Further to Julie’s comments, Dad often used to say that rights come with responsibilities. As a teenager, mostly I would just internally groan at that…
However, I’ve found myself increasingly saying this sort of thing in recent years to my kids and others, along with: “That music is too loud!”
Then one day, I realised that I had become my father. 🙂
Something I also remember as a young teenager was that if I was ever rude to my mother, out would come the belt!
Of course, those occurrences were few and far between! 😉
Dad’s work as a Uniting Church minister kept him well occupied and, as Julie noted, when he wasn’t out preaching or providing pastoral care, he was often up working late in his office, especially on Saturdays, preparing the sermon for the following day.
Even after retirement, Dawn can probably relate to Dad not straying far from the office for long periods!
Some of my favourite memories of Dad are from beach holidays in the seventies, the two of us body surfing or snorkelling.
As Julie also noted, holidays like those at Port Hughes were good times too, even if my first jetty catch was a puffer fish!
Another fond memory is from 1998, when Dad and I stayed up until the wee hours in Mallala watching a meteor shower as the Earth ploughed through the debris left by a comet.
Dad had a good sense of humour.
In an email to me in 2016 he said:
“I have a few things I want to share with my GP … Will let you know if he thinks I may not live to be 100 after all!!”
When he was in hospital recently, a measure of his wellness was the frequency of his witty remarks.
Dad gave a Probus club talk in 2015 titled “Strange Things that Happen at Funerals”. In one anecdote from that talk he says:
One day the undertaker picked me up to conduct a funeral for a man he knew, so I asked him to tell me something about him. “What was he like,” I asked. His answer stunned me: “This is the first decent thing he has done in his life,” I was told. “What about his family,” I asked. “They are all the same”, he replied. So, I thought I had better used the old, sterner burial service. Afterwards the family came up to me and said, “Lovely service, Father.” It just goes to show that you can never tell how people are going to react.
Like many fathers and sons, Dad and I had our disagreements and at times we hurt each other with words.
However, in a 2015 email exchange, in which we had disagreed on matters of belief, he said:
“Unless we are willing to be open to change, our thinking can only become stagnant. The older we get the more we realise how little we really know…or we have wasted a life. It has been a great blessing that we have always been able to be open and honest with one another.”
I’m sure there are times we could have been even more honest and open, but the point is to intend to do better.
I don’t think it would be a misrepresentation to say that Dad emphasised the social justice and pastoral care aspects of his faith.

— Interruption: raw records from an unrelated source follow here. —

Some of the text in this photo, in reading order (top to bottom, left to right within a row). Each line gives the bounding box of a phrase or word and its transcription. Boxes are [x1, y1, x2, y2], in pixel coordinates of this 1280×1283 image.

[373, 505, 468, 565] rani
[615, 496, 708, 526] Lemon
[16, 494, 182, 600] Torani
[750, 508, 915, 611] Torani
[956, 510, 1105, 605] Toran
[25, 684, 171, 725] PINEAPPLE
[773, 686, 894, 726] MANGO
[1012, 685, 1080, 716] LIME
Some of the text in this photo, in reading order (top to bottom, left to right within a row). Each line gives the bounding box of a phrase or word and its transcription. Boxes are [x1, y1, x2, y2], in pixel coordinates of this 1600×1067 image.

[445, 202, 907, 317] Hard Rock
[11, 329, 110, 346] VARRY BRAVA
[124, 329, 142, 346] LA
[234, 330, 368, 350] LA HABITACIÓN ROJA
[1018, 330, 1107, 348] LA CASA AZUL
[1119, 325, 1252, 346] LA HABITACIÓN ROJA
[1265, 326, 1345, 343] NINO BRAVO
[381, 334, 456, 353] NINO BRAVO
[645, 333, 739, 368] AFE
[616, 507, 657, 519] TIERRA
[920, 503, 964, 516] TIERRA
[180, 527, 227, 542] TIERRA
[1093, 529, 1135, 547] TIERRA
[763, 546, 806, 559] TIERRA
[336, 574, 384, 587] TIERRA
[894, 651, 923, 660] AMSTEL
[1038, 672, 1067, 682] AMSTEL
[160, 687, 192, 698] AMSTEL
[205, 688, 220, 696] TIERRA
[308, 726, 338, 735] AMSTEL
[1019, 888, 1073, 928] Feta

He genuinely cared about people. The idea that “God is Love” became more important to Dad as time passed.
Julie’s daughter, Kate, recently found some of the funeral sermons Dad wrote. It seems appropriate to finish by reading some excerpts that resonated with both of us. At a time when so much of the world is divided, Dad’s words seem especially relevant.

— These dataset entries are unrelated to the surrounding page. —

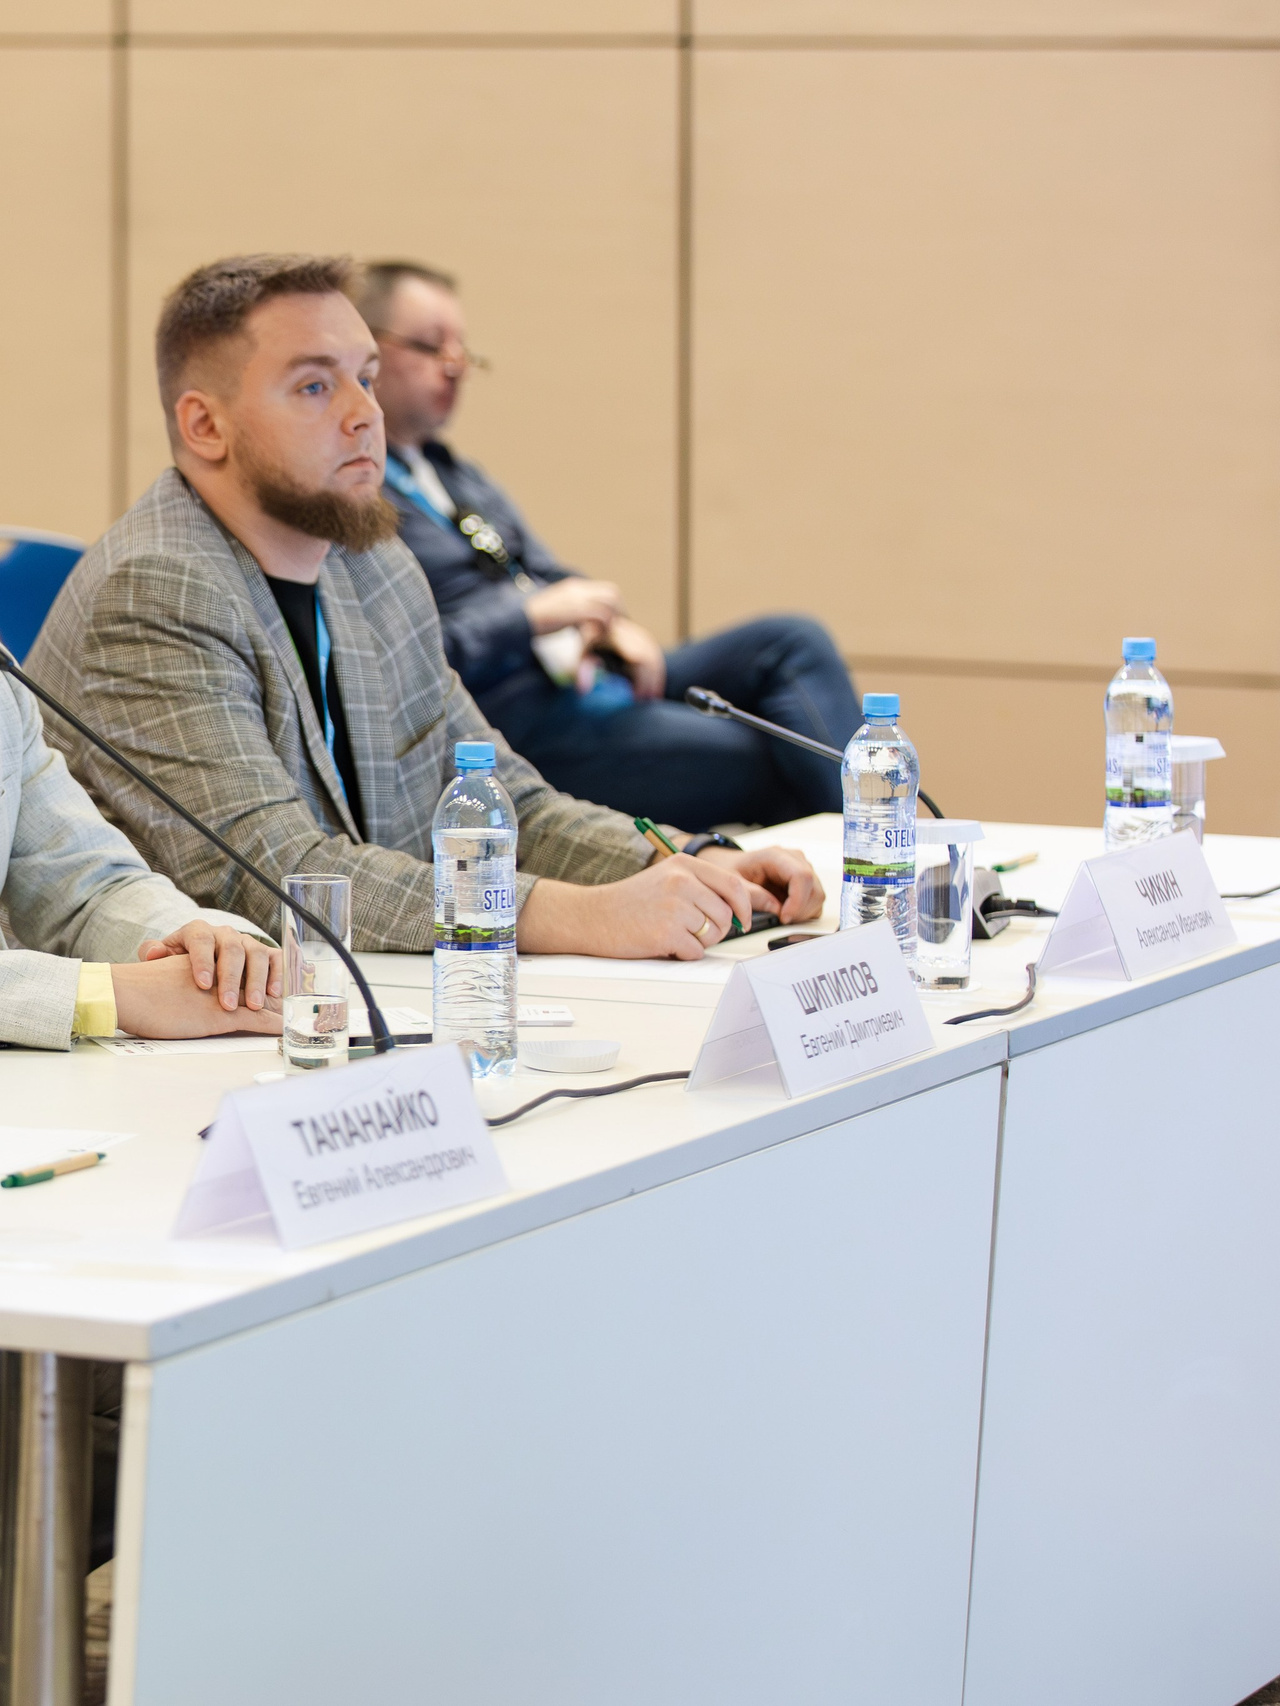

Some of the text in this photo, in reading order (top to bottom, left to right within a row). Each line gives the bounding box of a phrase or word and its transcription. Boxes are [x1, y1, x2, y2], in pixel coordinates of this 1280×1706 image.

[1135, 869, 1183, 906] ЧИКИН
[1136, 910, 1213, 949] Александр Иванович
[791, 961, 878, 1015] ШИПИЛОВ
[800, 1010, 905, 1059] Евгений Дмитриевич
[291, 1088, 439, 1156] ТАНАНАЙКО
[292, 1145, 477, 1210] Евгений Александрович

“In our troubled world today we are witnessing what happens when over zealous people force their misguided views on others… We need to be aware of each other’s differences so that we will not make the fatal mistake of believing that we are right and God is on our side.

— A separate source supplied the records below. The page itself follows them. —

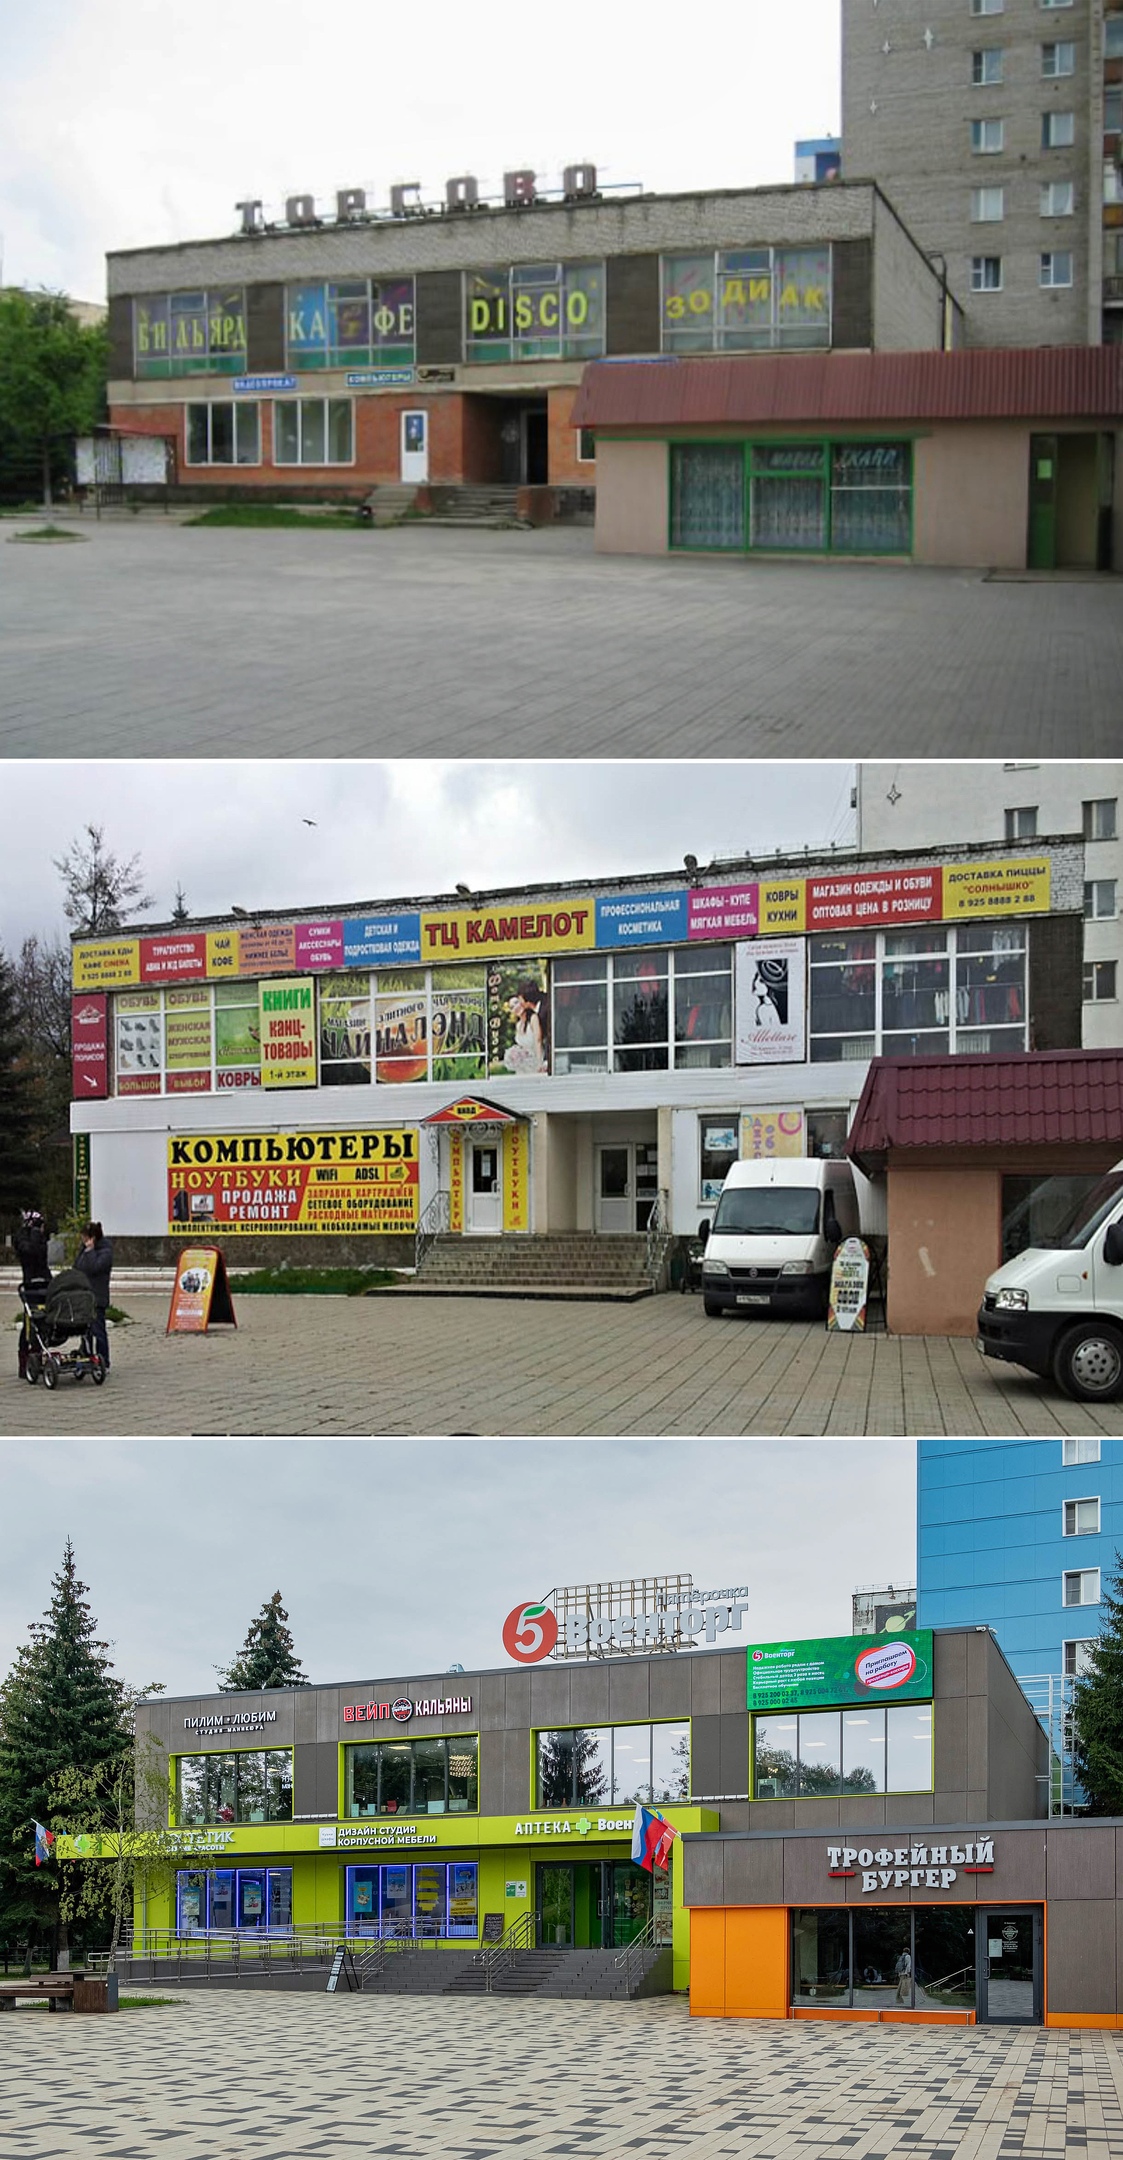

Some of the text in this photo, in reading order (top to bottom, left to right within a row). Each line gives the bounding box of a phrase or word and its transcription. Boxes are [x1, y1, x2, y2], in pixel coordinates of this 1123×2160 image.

[666, 277, 823, 320] ЗОДИАК
[471, 290, 588, 332] DISCO
[138, 312, 246, 352] БИЛЬЯРД
[949, 866, 1046, 883] ДОСТАВКА ПИЦЦЫ
[813, 875, 932, 898] МАГАЗИН ОДЕЖДЫ И ОБУВИ
[963, 880, 1034, 894] "СОЛНЫШКО"
[766, 889, 798, 903] КОВРЫ
[968, 898, 985, 906] 925
[988, 896, 1011, 905] 8888
[1014, 895, 1020, 903] 2
[1023, 894, 1035, 902] 88
[601, 899, 680, 917] ПРОФЕССИОНАЛЬНАЯ
[813, 896, 932, 919] ОПТОВАЯ ЦЕНА В РОЗНИЦУ
[690, 912, 757, 929] МЯГКАЯ МЕБЕЛЬ
[767, 910, 797, 923] КУХНИ
[241, 928, 293, 940] ЖЕНСКАЯ ОДЕЖДА
[308, 926, 331, 937] СУМКИ
[365, 924, 398, 939] ДЕТСКАЯ И
[425, 911, 588, 949] ТЦ КАМЕЛОТ
[618, 920, 662, 935] КОСМЕТИКА
[153, 943, 195, 956] ТУРАГЕНТСТВО
[215, 937, 230, 949] ЧАЙ
[344, 940, 420, 957] ПОДРОСТКОВАЯ ОДЕЖДА
[80, 947, 133, 959] ДОСТАВКА ЕДЫ
[245, 951, 268, 959] НИЖНЕЕ
[310, 952, 332, 962] ОБУВЬ
[84, 961, 101, 969] КАФЕ
[146, 961, 160, 971] АВИА
[178, 958, 203, 969] БИЛЕТЫ
[212, 956, 233, 967] КОФЕ
[120, 998, 158, 1008] ОБУВЬ
[169, 992, 207, 1004] ОБУВЬ
[379, 1001, 424, 1023] ЭЛИТНОГО
[327, 1016, 366, 1029] МАГАЗИН
[74, 1041, 105, 1051] ПРОДАЖА
[168, 1036, 211, 1046] МУЖСКАЯ
[74, 1053, 104, 1062] ПОЛИСОВ
[174, 1077, 205, 1088] ВЫБОР
[217, 1070, 261, 1088] КОВРЫ
[171, 1133, 414, 1164] КОМПЬЮТЕРЫ
[316, 1167, 379, 1181] WIFI ADSL
[511, 1125, 519, 1209] НОУТБУКИ
[171, 1169, 301, 1189] НОУТБУКИ
[452, 1128, 462, 1230] КОМПЬЮТЕРЫ
[222, 1189, 297, 1206] ПРОДАЖА
[307, 1188, 351, 1199] ЗАПРАВКА
[307, 1197, 413, 1209] СЕТЕВОЕ ОБОРУДОВАНИЕ
[229, 1205, 290, 1220] РЕМОНТ
[307, 1207, 413, 1220] РАСХОДНЫЕ МАТЕРИАЛЫ
[321, 1221, 380, 1232] НЕОБХОДИМЫЕ
[382, 1220, 415, 1231] МЕЛОЧИ
[656, 1586, 748, 1607] Пятёрочка
[565, 1602, 748, 1647] Военторг
[764, 1651, 795, 1659] Военторг
[866, 1650, 907, 1668] Приглашаем
[874, 1661, 898, 1673] работу
[343, 1701, 389, 1722] ВЕЙП
[415, 1696, 471, 1716] КАЛЬЯНЫ
[184, 1711, 276, 1728] ПИЛИМ ЛЮБИМ
[338, 1826, 416, 1837] ДИЗАЙН СТУДИЯ
[515, 1821, 571, 1835] АПТЕКА
[338, 1835, 436, 1846] КОРПУСНОЙ МЕБЕЛИ
[827, 1835, 994, 1867] ТРОФЕЙНЫЙ
[862, 1868, 957, 1892] БУРГЕР

We come into this world and pass through it, leaving it either a happier & better place or a sadder & sorrier place. The choice is ours and so are the consequences of our choice.
Nobody else can live our life for us and nobody else can be held responsible for the way we live it. Freedom to choose & responsibility for actions are the two sides of the same coin.
Life is all about relationships and building relationships makes demands on us. Good relationships are costly. We are all far from perfect but we should always be striving to be better than we are.
As we think about somebody else’s death we cannot help thinking about our own life, and our accountability…to help people to become more loving, more forgiving, more compassionate, more honest, more understanding and more tolerant, more in tune with… one another.”
Thank you Dad for your life of service to others.